• **Problem to work on**
Exact copy, no pictures: restate each entry below word for word.

(Saved data entries)
■ ■ ■
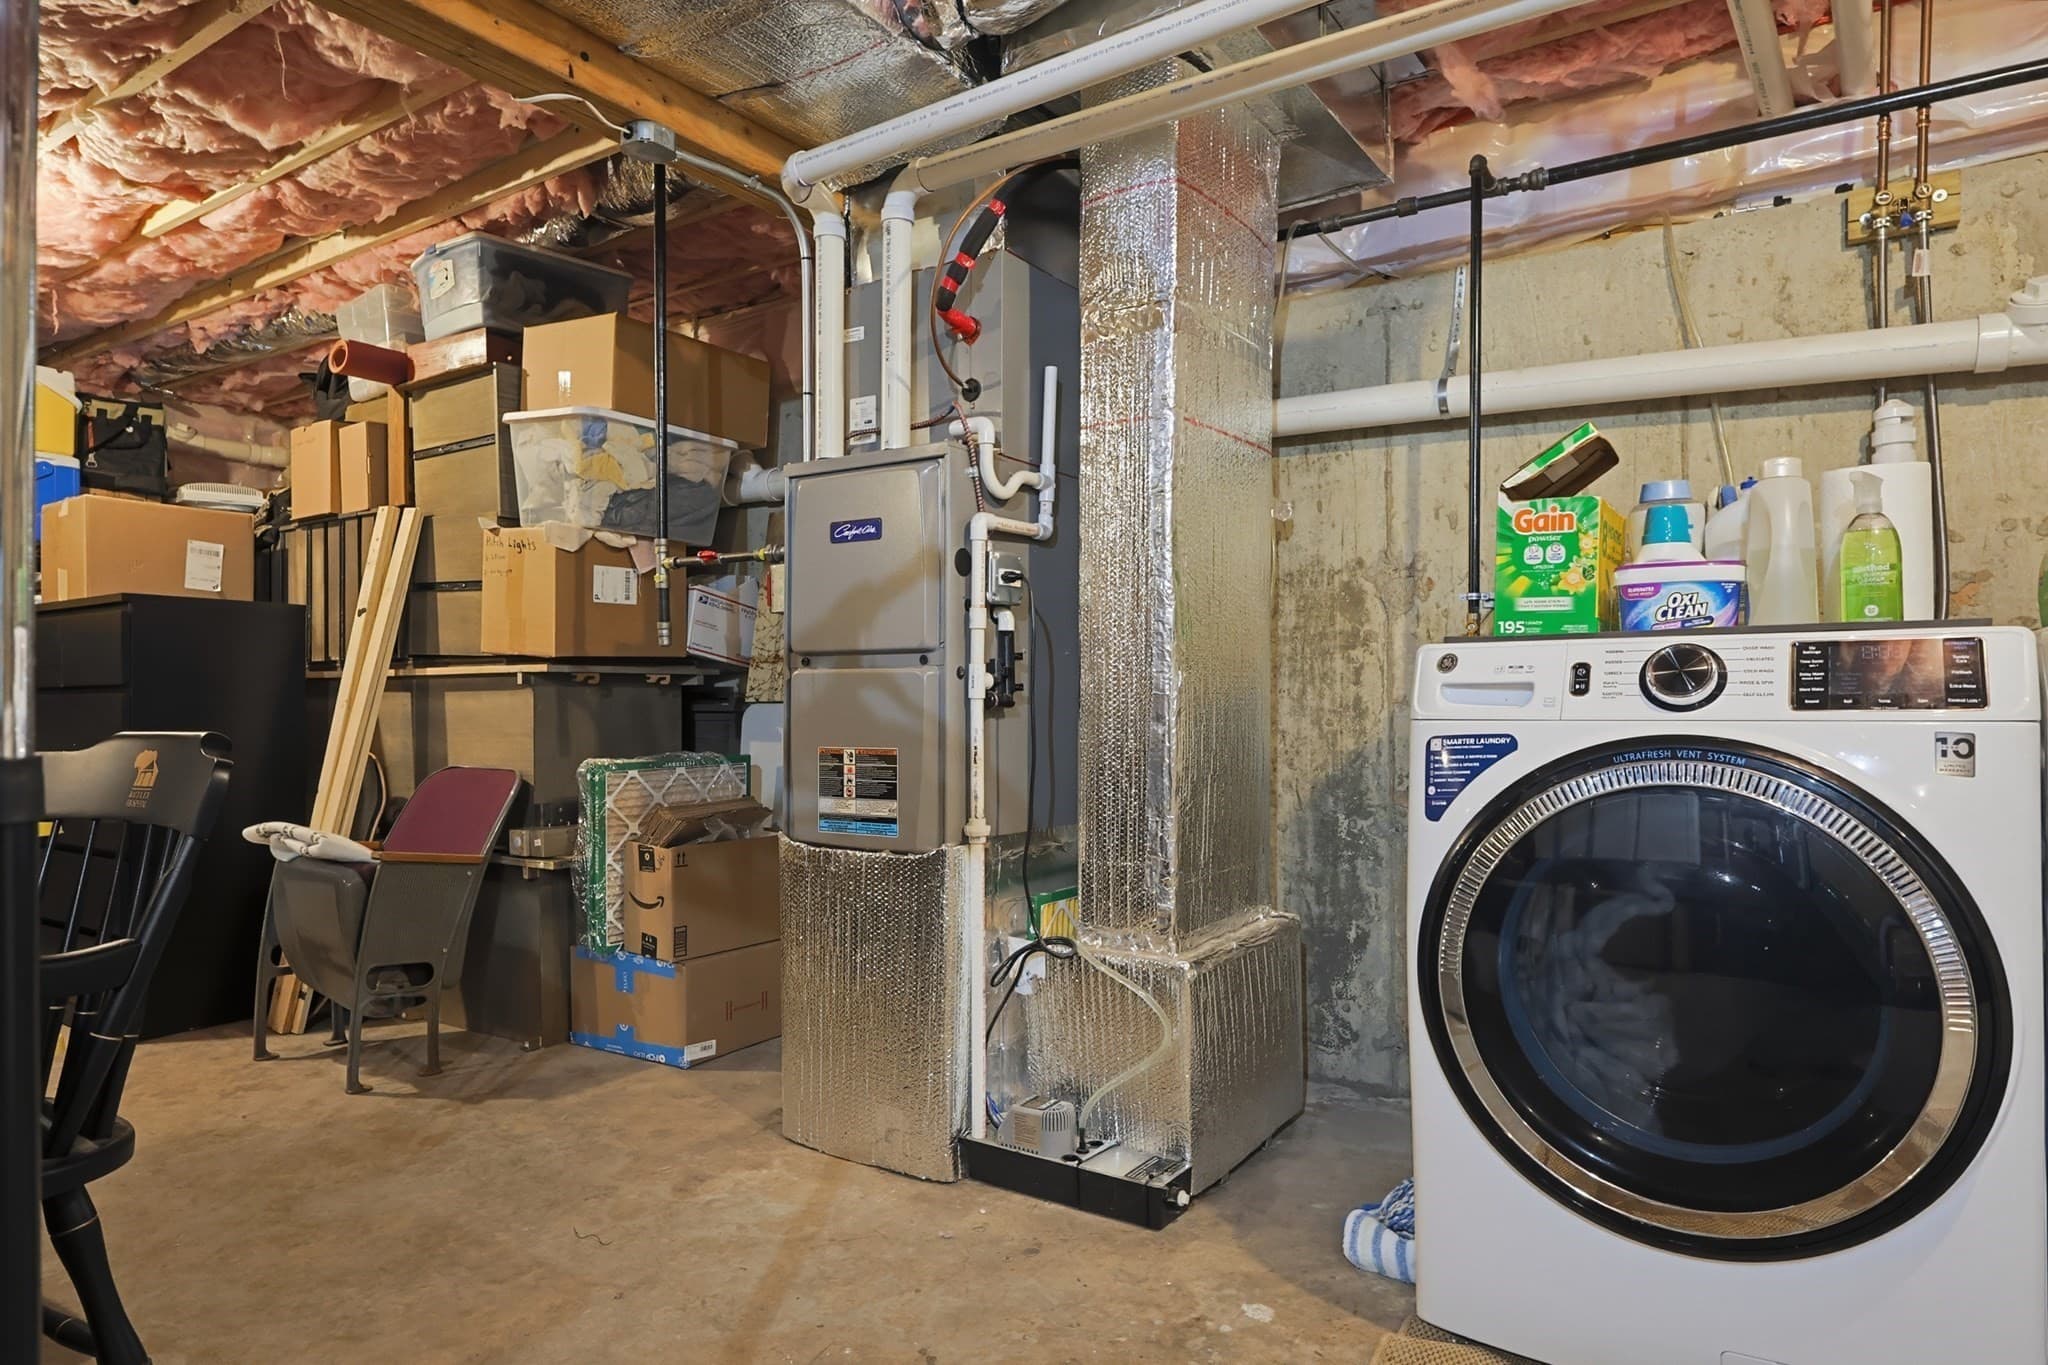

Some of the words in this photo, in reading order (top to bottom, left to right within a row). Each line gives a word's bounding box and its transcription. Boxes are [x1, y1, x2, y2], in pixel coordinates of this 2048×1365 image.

[1514, 505, 1575, 533] Gain
[508, 536, 537, 554] Lights
[1667, 592, 1698, 606] OXI
[1656, 603, 1708, 621] CLEAN
[1498, 621, 1525, 634] 195
[1613, 750, 1671, 763] ULTRAFRESH
[1676, 750, 1701, 759] VENT
[1707, 752, 1746, 766] SYSTEM
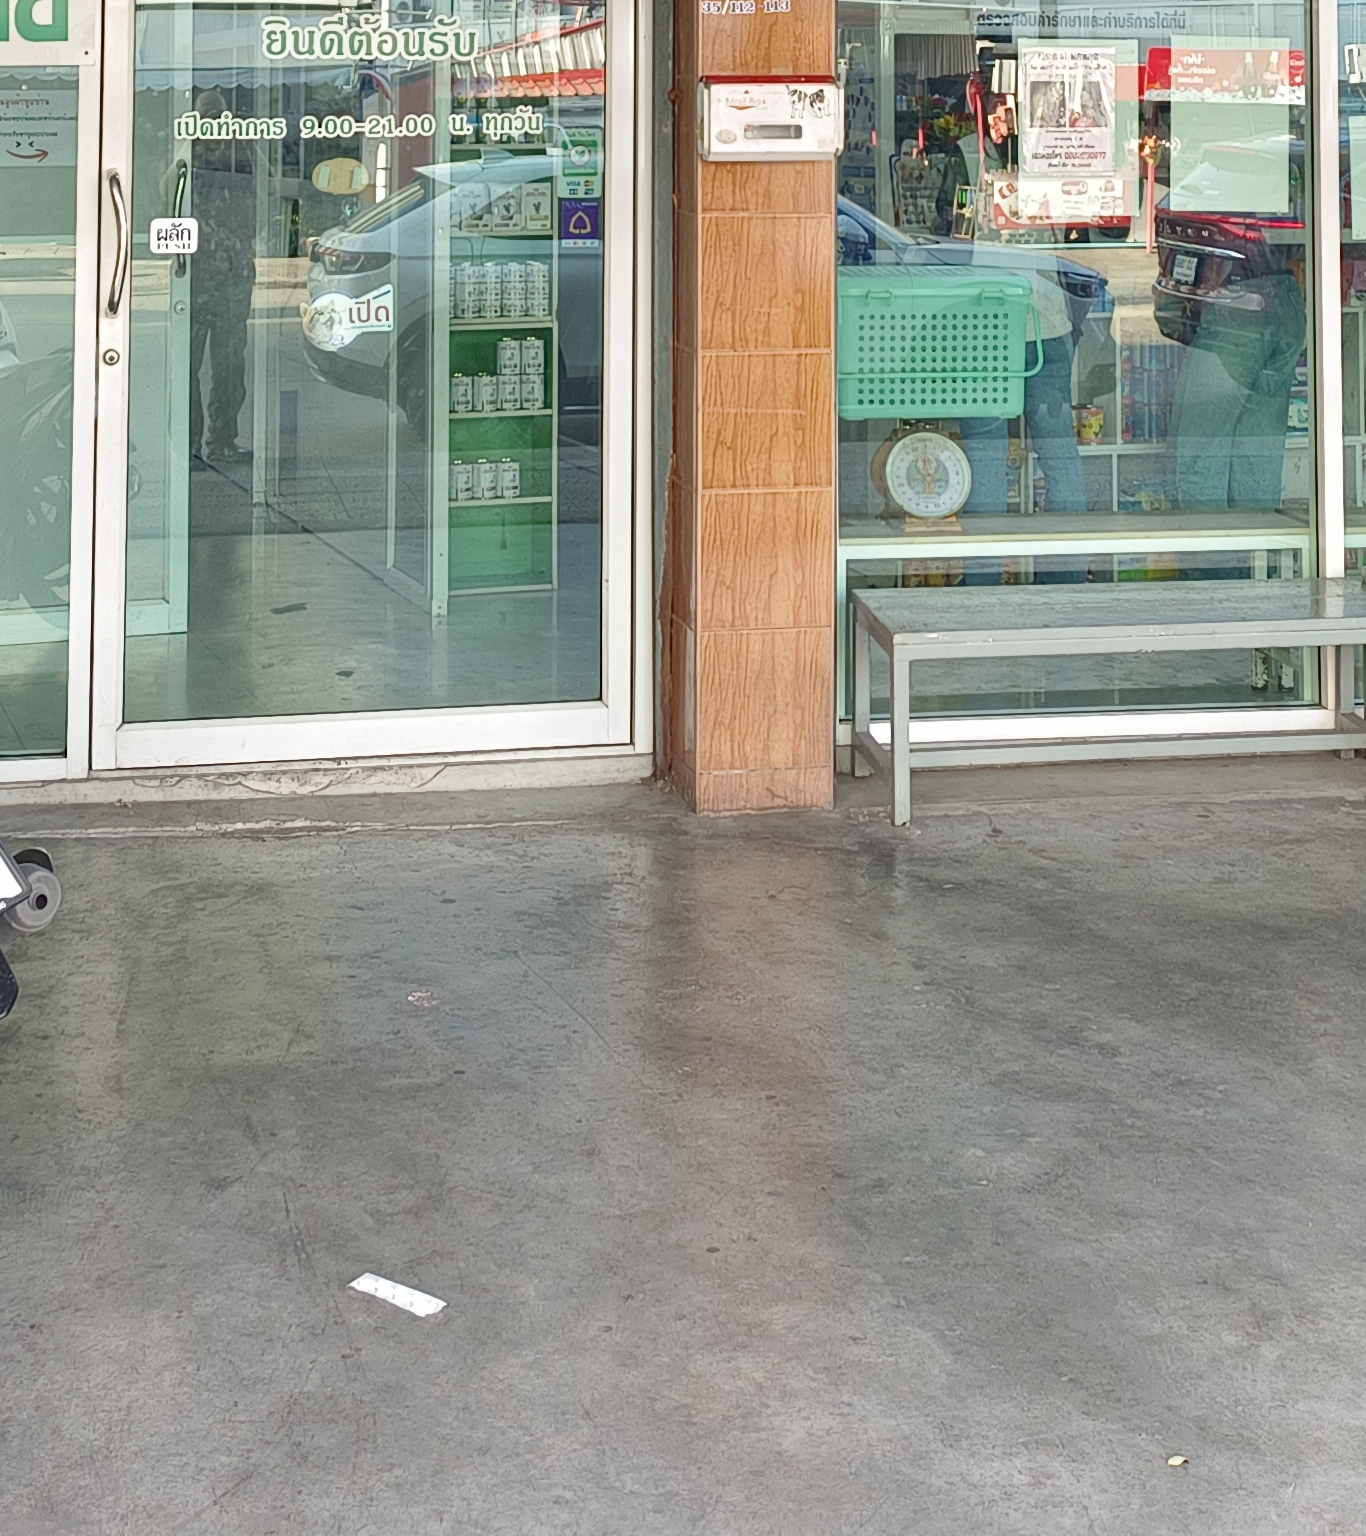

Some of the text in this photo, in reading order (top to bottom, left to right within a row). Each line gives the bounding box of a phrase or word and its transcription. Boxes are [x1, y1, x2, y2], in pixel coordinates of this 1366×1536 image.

[263, 15, 477, 60] ยินดีต้อนรับ
[175, 103, 544, 139] เปิดทำการ 9.00-21.00 น. ทุกวัน
[156, 222, 192, 242] ผลัก
[348, 298, 390, 324] เปิด
■ ■ ■
• **Answer to this task**
Some of the words in this photo, in reading order (top to bottom, left to right within a row). Each line gives a word's bounding box and its transcription. Boxes are [x1, y1, x2, y2], in pixel coordinates of this 2048×1365 image.

[1514, 505, 1575, 533] Gain
[508, 536, 537, 554] Lights
[1667, 592, 1698, 606] OXI
[1656, 603, 1708, 621] CLEAN
[1498, 621, 1525, 634] 195
[1613, 750, 1671, 763] ULTRAFRESH
[1676, 750, 1701, 759] VENT
[1707, 752, 1746, 766] SYSTEM

Some of the text in this photo, in reading order (top to bottom, left to right within a row). Each line gives the bounding box of a phrase or word and its transcription. Boxes are [x1, y1, x2, y2], in pixel coordinates of this 1366×1536 image.

[263, 15, 477, 60] ยินดีต้อนรับ
[175, 103, 544, 139] เปิดทำการ 9.00-21.00 น. ทุกวัน
[156, 222, 192, 242] ผลัก
[348, 298, 390, 324] เปิด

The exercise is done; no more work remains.